What does it mean? What it means, Jay Alexander in his commentary says, is that the high places are the conquered cities. We are going forth conquering by riding on the high places. He’ll feed you with the heritage of Jacob your father. You’re going to prosper. You’re not going to be the tail. You’re going to be the head in the culture. You’re going to have an effect on Oregon City. I will send you into the high places of Oregon City to rule this city for the Lord Jesus Christ if you honor this day by cessation from work, by cessation from commerce, by attending to God’s word, by gathering with God’s people, and by engaging in acts of benevolence and kindness.

You do these things, and you will be the repairer of the breach, the builder of streets to live in, the bringer of joy to Oregon City and to the world. The Lord’s Day is about celebration.

Children’s outline, six, seven, eight, and nine. Let’s do them.

What things should we not do on the Lord’s day? Work and buy. Shouldn’t work, except apart from necessary work. Shouldn’t buy, apart from necessary commerce.

What things should we do? Rest. Worship.

You see the correlation?
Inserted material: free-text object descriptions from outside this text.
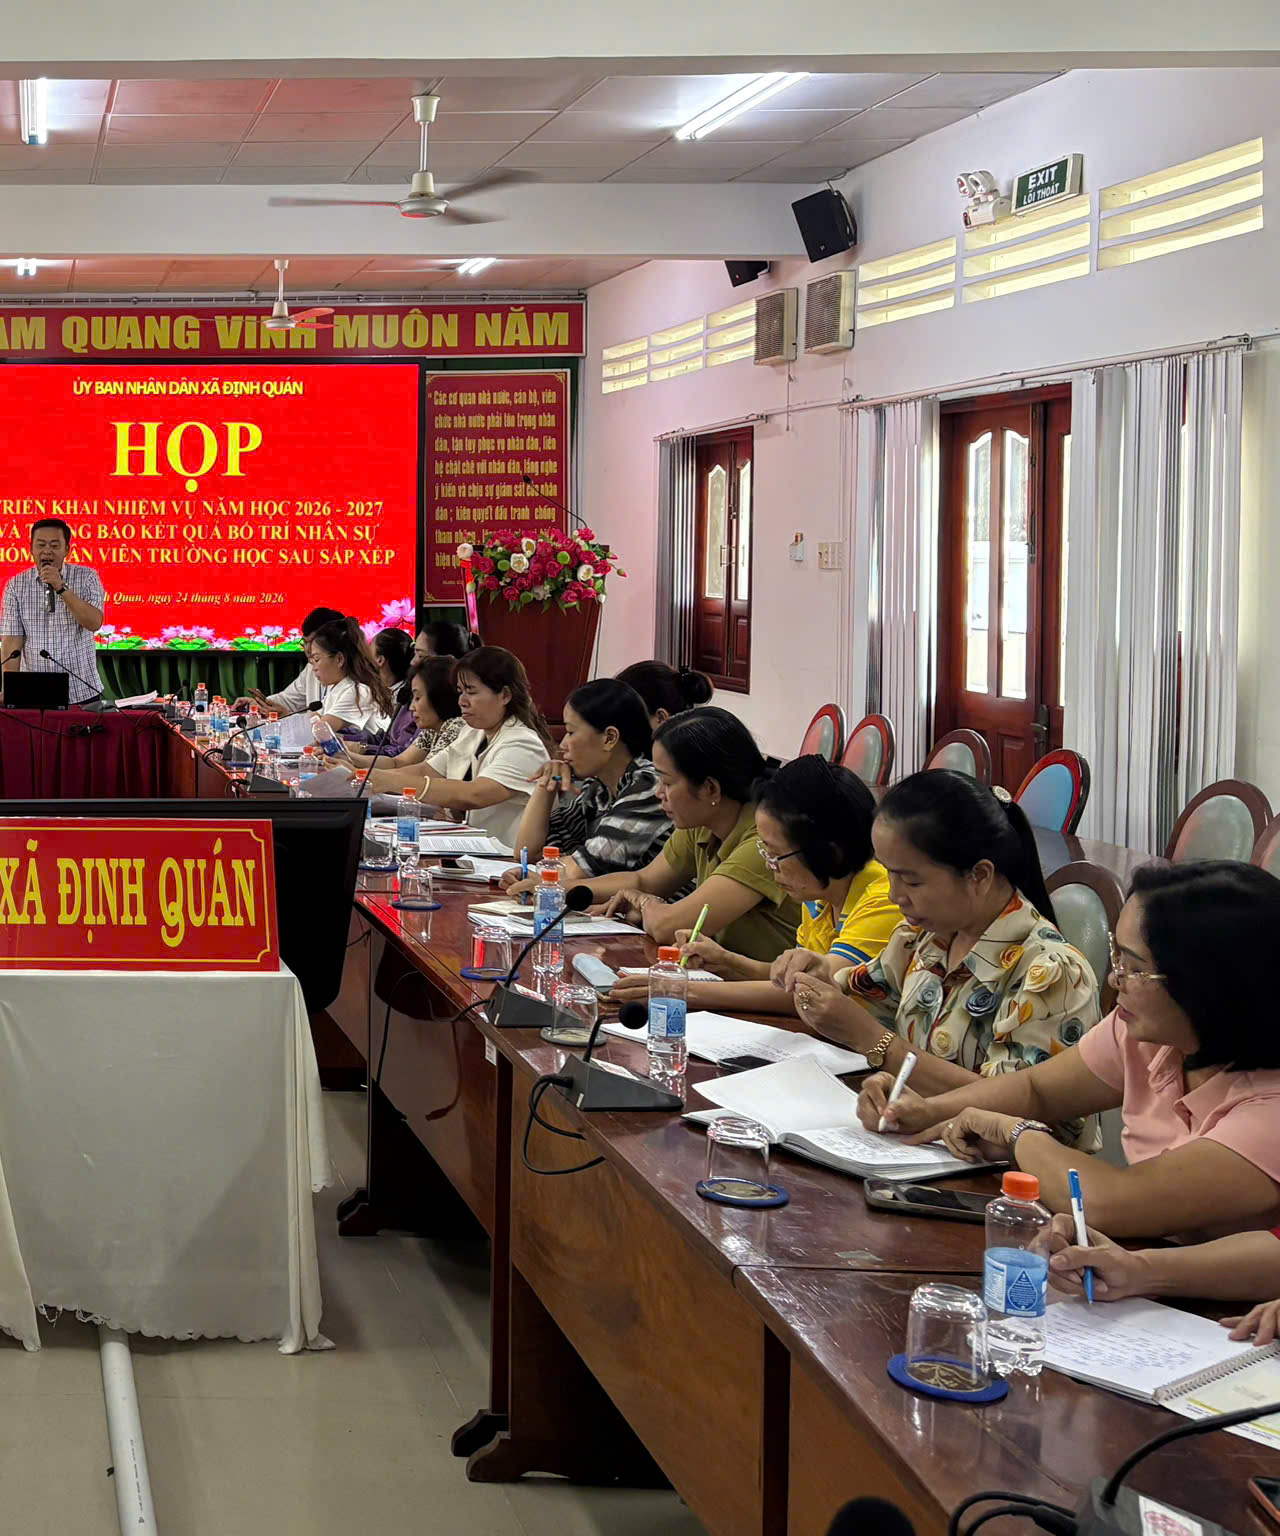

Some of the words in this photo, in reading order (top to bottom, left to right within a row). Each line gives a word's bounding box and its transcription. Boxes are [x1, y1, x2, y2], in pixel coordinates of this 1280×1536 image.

[1028, 166, 1058, 190] EXIT
[1037, 182, 1060, 201] THOÁT
[61, 315, 200, 354] QUANG
[215, 315, 317, 349] VINH
[333, 308, 458, 348] MUÔN
[475, 306, 569, 346] NĂM
[72, 377, 93, 396] ỦY
[95, 381, 124, 396] BAN
[126, 377, 167, 395] NHÂN
[169, 377, 200, 395] DÂN
[201, 377, 220, 395] XÃ
[222, 381, 261, 398] ĐỊNH
[262, 377, 304, 398] QUÁN
[449, 391, 457, 405] cơ
[459, 391, 476, 407] quan
[478, 389, 490, 405] nhà
[493, 390, 512, 405] nước,
[514, 389, 526, 404] cán
[529, 389, 539, 406] bộ,
[542, 389, 556, 404] viên
[435, 414, 451, 428] chức
[454, 414, 466, 428] nhà
[468, 414, 485, 428] nước
[487, 412, 502, 429] phải
[504, 413, 515, 427] tôn
[517, 413, 536, 430] trọng
[539, 412, 555, 427] nhân
[435, 438, 449, 453] dân,
[452, 437, 463, 454] tận
[478, 437, 494, 454] phục
[497, 438, 505, 453] vụ
[508, 436, 523, 450] nhân
[526, 436, 541, 452] dân,
[543, 436, 556, 450] liên
[109, 421, 263, 493] HỌP
[435, 460, 443, 477] hệ
[445, 460, 460, 477] chặt
[488, 460, 505, 473] nhân
[508, 460, 522, 475] dân,
[524, 458, 538, 476] lắng
[541, 460, 557, 476] nghe
[441, 483, 456, 497] kiến
[458, 484, 466, 497] và
[468, 484, 483, 499] chịu
[485, 484, 493, 499] sự
[496, 483, 512, 499] giám
[514, 483, 525, 497] sát
[541, 482, 557, 496] nhân
[52, 499, 99, 515] KHAI
[104, 497, 166, 519] NHIỆM
[171, 499, 197, 520] VỤ
[202, 497, 245, 516] NĂM
[250, 500, 290, 520] HỌC
[294, 501, 332, 516] 2026
[346, 501, 384, 516] 2027
[456, 506, 470, 520] kiên
[472, 505, 492, 522] quyết
[495, 506, 507, 520] đấu
[511, 506, 529, 520] tranh
[535, 506, 555, 522] chống
[27, 523, 92, 539] TNG
[97, 520, 136, 539] BÁO
[257, 521, 289, 540] TRÍ
[295, 520, 348, 540] NHÂN
[353, 523, 380, 544] SỰ
[436, 530, 452, 543] tham
[99, 544, 142, 563] VIÊN
[147, 543, 227, 564] TRƯỜNG
[233, 549, 274, 567] HỌC
[278, 549, 315, 564] SAU
[436, 552, 450, 569] hiện
[175, 591, 189, 603] 24
[224, 592, 230, 603] 8
[233, 592, 256, 603] năm
[259, 592, 285, 603] 2026
[56, 858, 147, 944] ĐỊNH
[158, 837, 256, 948] QUÁN
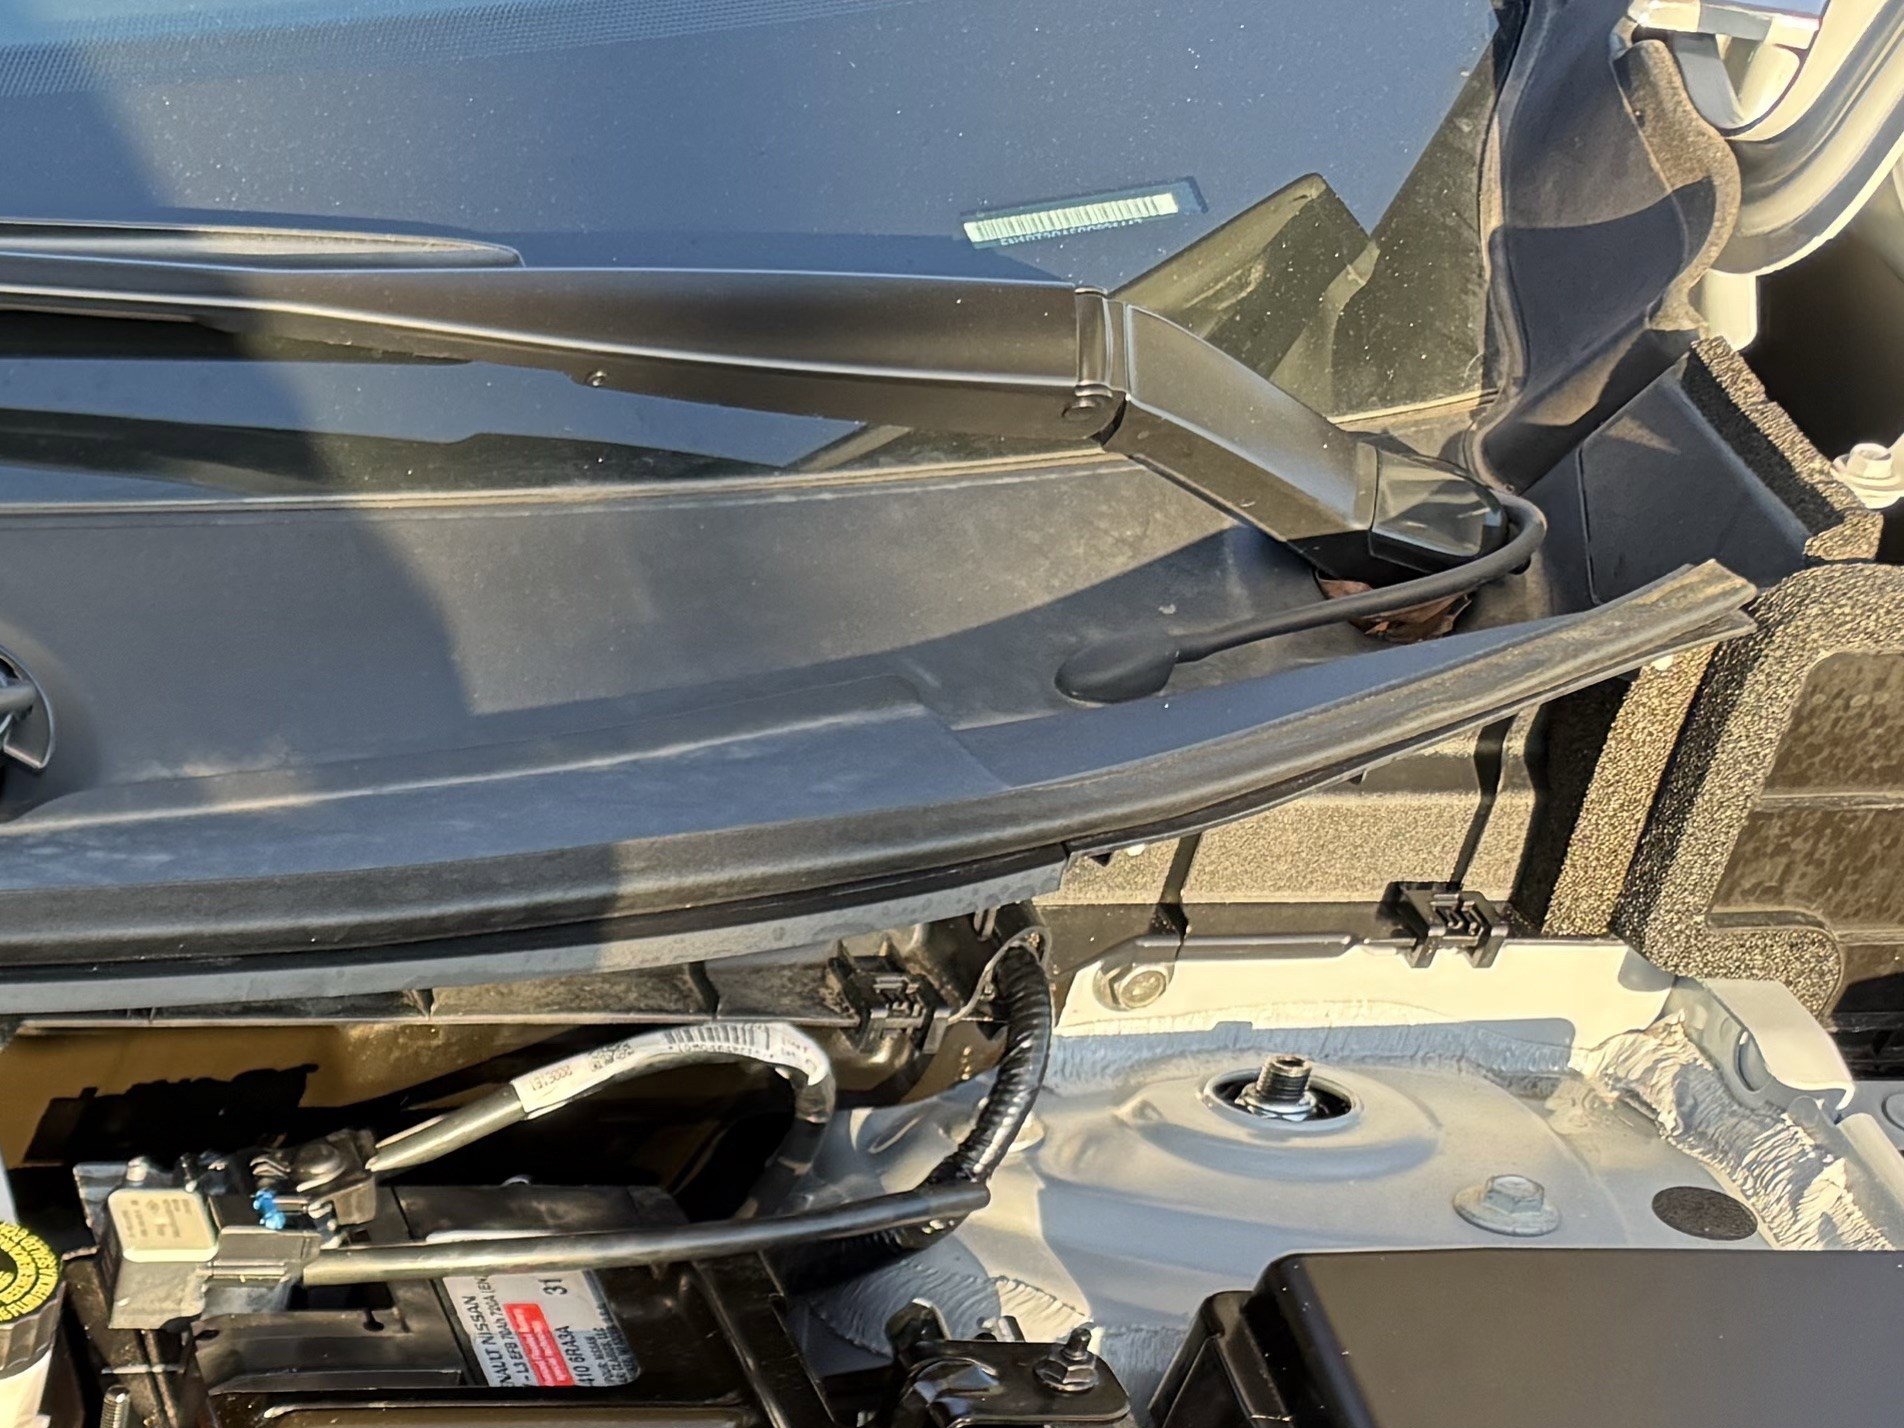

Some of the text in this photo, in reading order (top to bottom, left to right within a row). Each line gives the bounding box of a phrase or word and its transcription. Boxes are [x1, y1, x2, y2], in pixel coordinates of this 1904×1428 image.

[538, 1278, 568, 1295] 31
[462, 1295, 496, 1345] NISSAN
[554, 1325, 585, 1363] 6RA3A
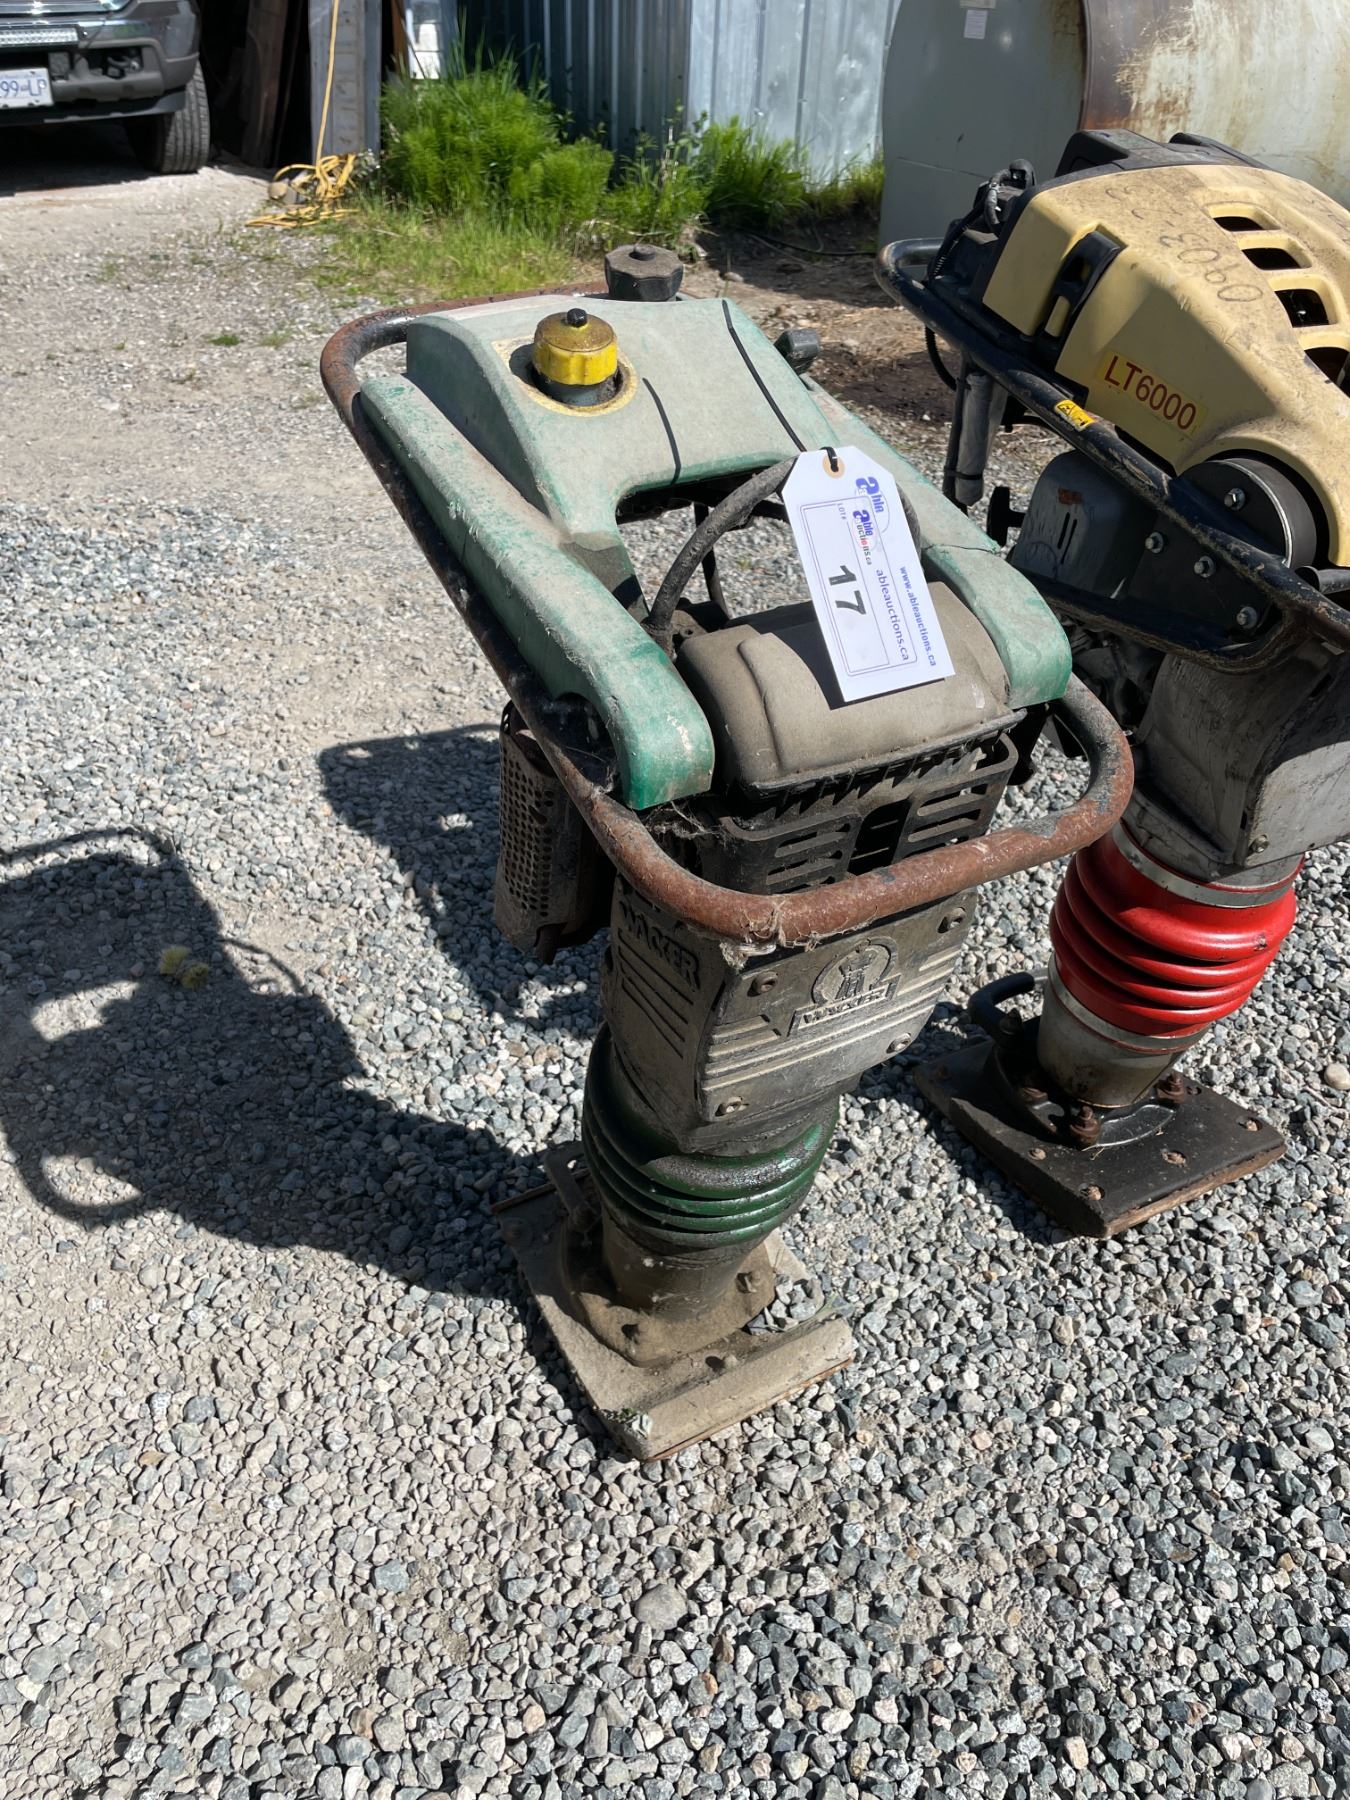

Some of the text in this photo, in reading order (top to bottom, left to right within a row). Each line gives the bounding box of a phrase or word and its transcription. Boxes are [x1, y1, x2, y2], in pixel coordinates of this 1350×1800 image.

[1104, 355, 1197, 431] LT6000
[828, 564, 867, 616] 17
[876, 568, 910, 661] ableauctions.ca
[899, 566, 937, 667] www.ableauctions.ca
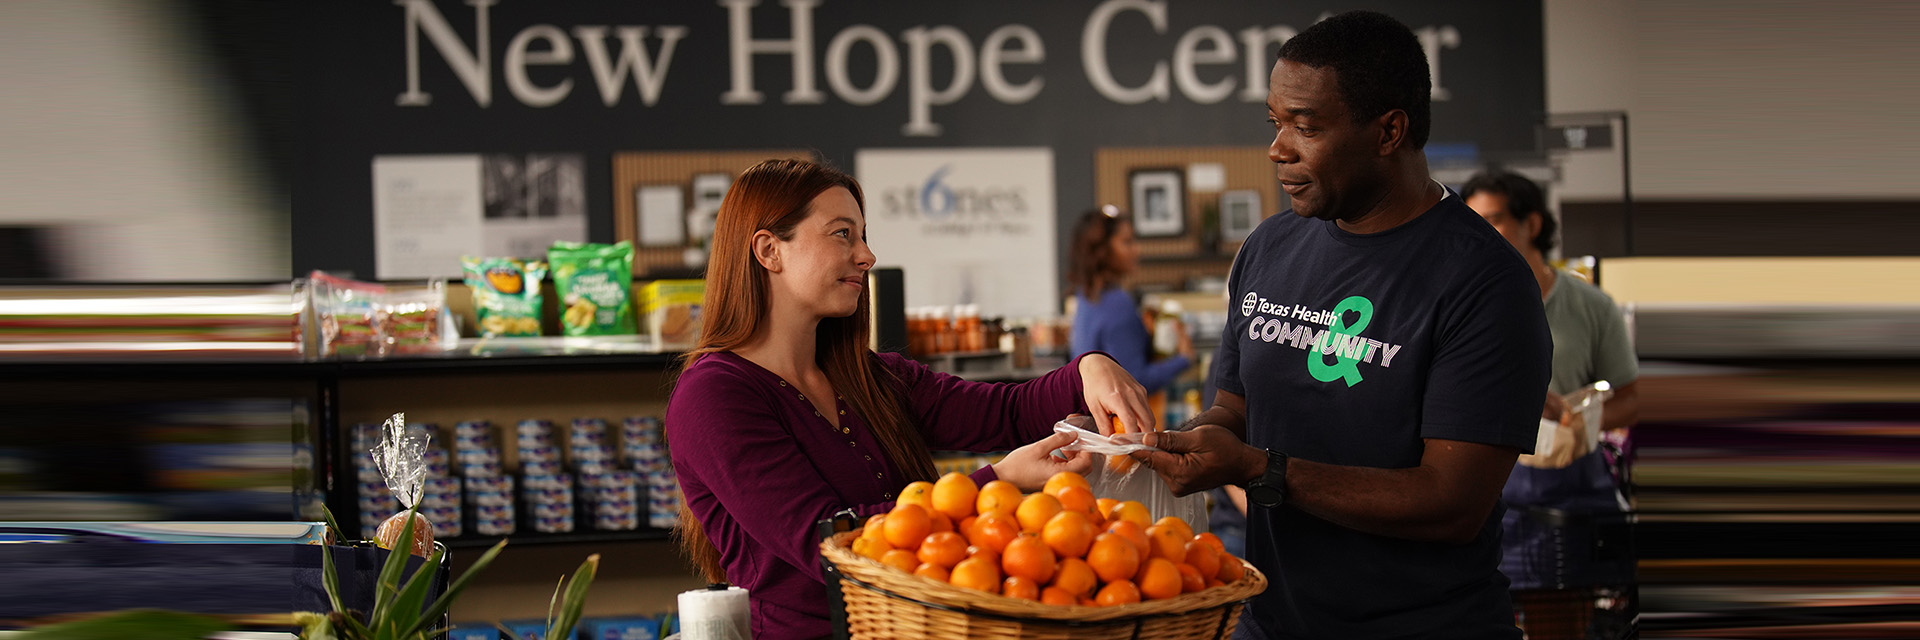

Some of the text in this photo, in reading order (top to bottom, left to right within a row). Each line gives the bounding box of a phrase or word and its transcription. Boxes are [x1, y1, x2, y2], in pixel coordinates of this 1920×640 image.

We don’t work. We rest. We don’t buy and involve ourselves in commerce. We worship.

You know, if I go to a store tomorrow and I buy something, it’s easier seen in a village with a guy I was in Poland a year ago. Brought back a glass engraved to my wife. The guy was there etching these glasses, beautiful etching, and he does it for free. Hard and I were there. Couldn’t believe the glass where we could buy. You buy it from this craftsman and he’s right there. See, that’s village culture. A little more harder to see in big-city culture, but commerce is about the exchange of people. That glass is him. He’s done something there. He’s giving you part of him, and you’re giving him part of you. The money that you’ve earned becomes part of your blessings, and you’re giving yourself a little bit of yourself to him. Commerce is about the exchange of people. It’s fellowship. It’s, you know, it’s people getting together with people. That’s what it is.

And on the Lord’s day, we don’t do that. Instead, we get together and we enact this commerce with Christ. We bring nothing, and he gives us everything. And we enact this commerce with each other. We speak God’s words to one another, encourage each other in the faith, and we build each other up. And we recognize that if we do that right, that tomorrow when you go and buy a loaf of bread, it’s a different deal.

Tomorrow when you go and buy a loaf of bread and there’s a store clerk there, you think of the clerk as—a little more complicated in an urban culture with a lot of specialization of labor. You see, there’s a transaction of people going on in commerce. So we’ve forgotten every bit of that. We think it’s just about goods and services unconnected to people. People make everything. There’s nothing that people don’t make that’s exchanged in commerce, at least that I can think of.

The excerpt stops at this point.